* **Exercise details**
Leave out the pictures and copy everything else in the entries exactly.

* **Data section**
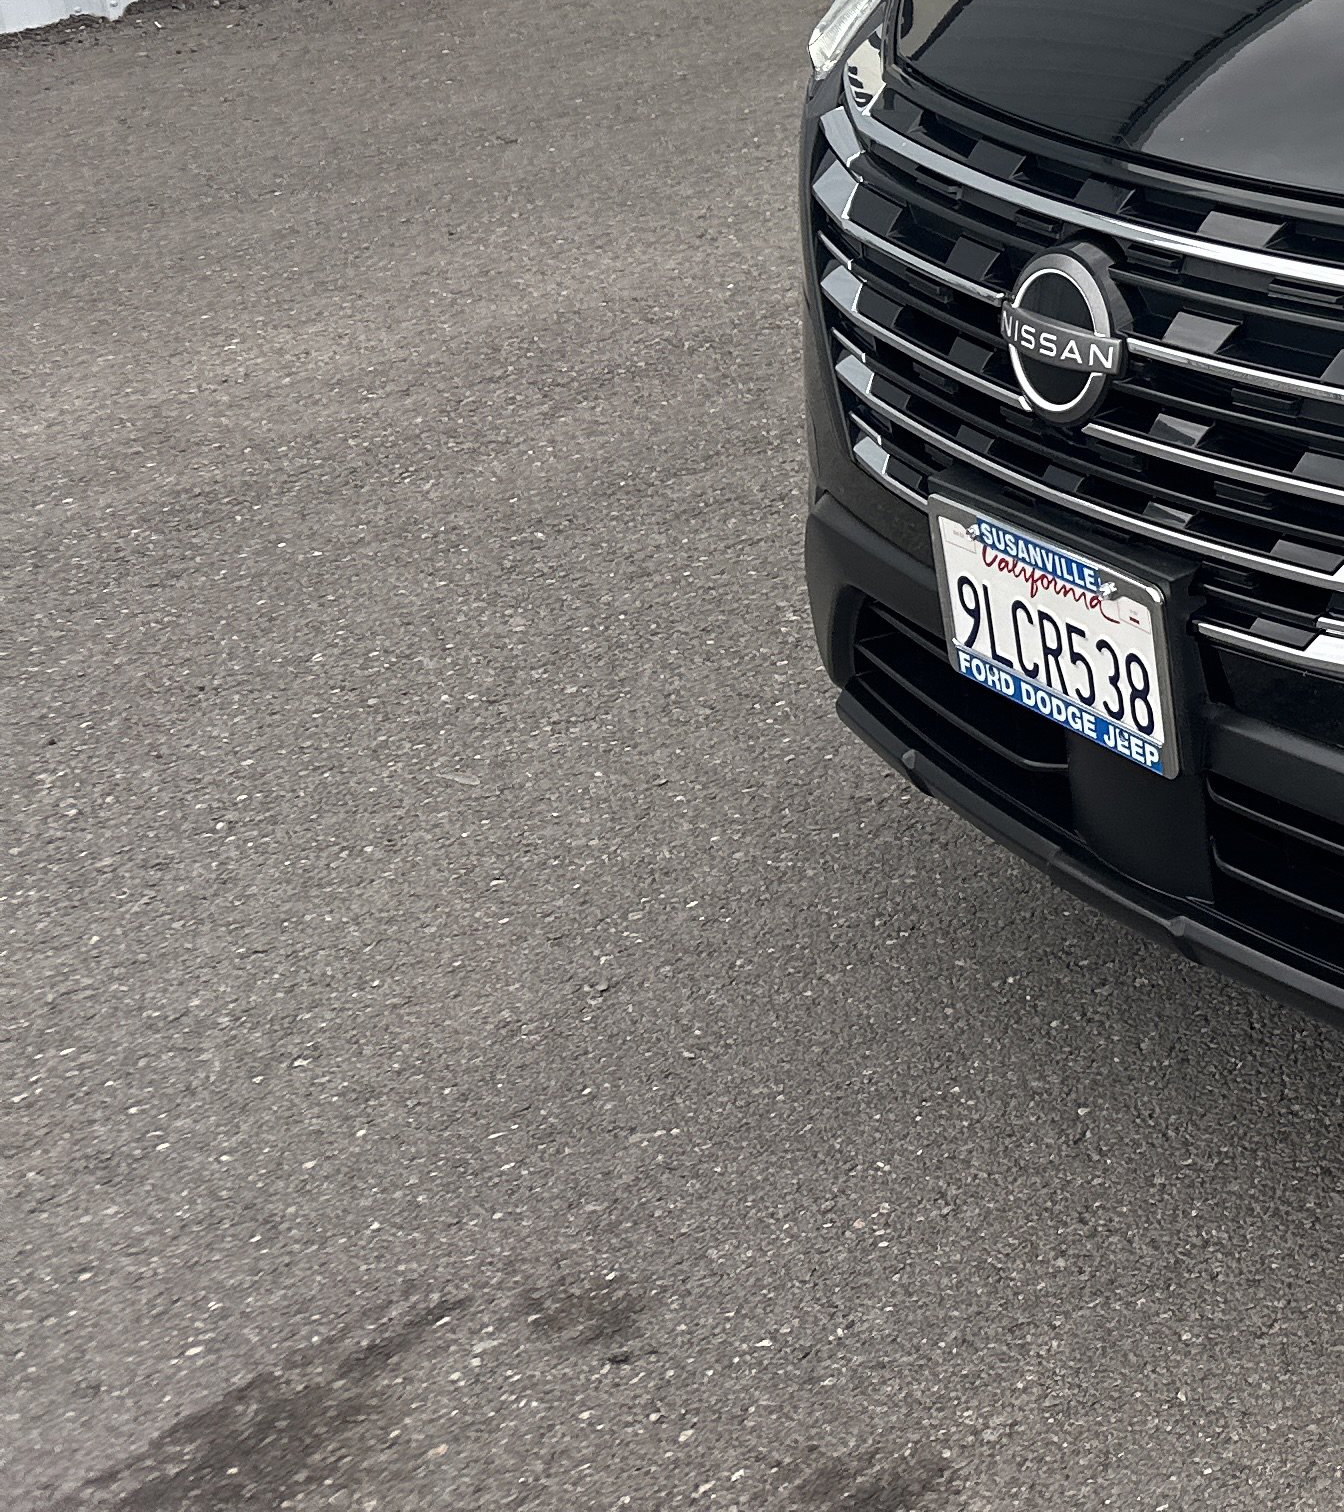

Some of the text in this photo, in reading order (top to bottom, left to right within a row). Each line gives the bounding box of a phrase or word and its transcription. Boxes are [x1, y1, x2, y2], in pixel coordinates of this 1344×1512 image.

[1003, 310, 1114, 369] NISSAN
[980, 522, 1096, 590] SUSANVILLE
[957, 575, 1154, 736] 9LCR538
[958, 652, 1161, 767] FORD DODGE JEEP

* **Result below**
Some of the text in this photo, in reading order (top to bottom, left to right within a row). Each line gives the bounding box of a phrase or word and its transcription. Boxes are [x1, y1, x2, y2], in pixel coordinates of this 1344×1512 image.

[1003, 310, 1114, 369] NISSAN
[980, 522, 1096, 590] SUSANVILLE
[957, 575, 1154, 736] 9LCR538
[958, 652, 1161, 767] FORD DODGE JEEP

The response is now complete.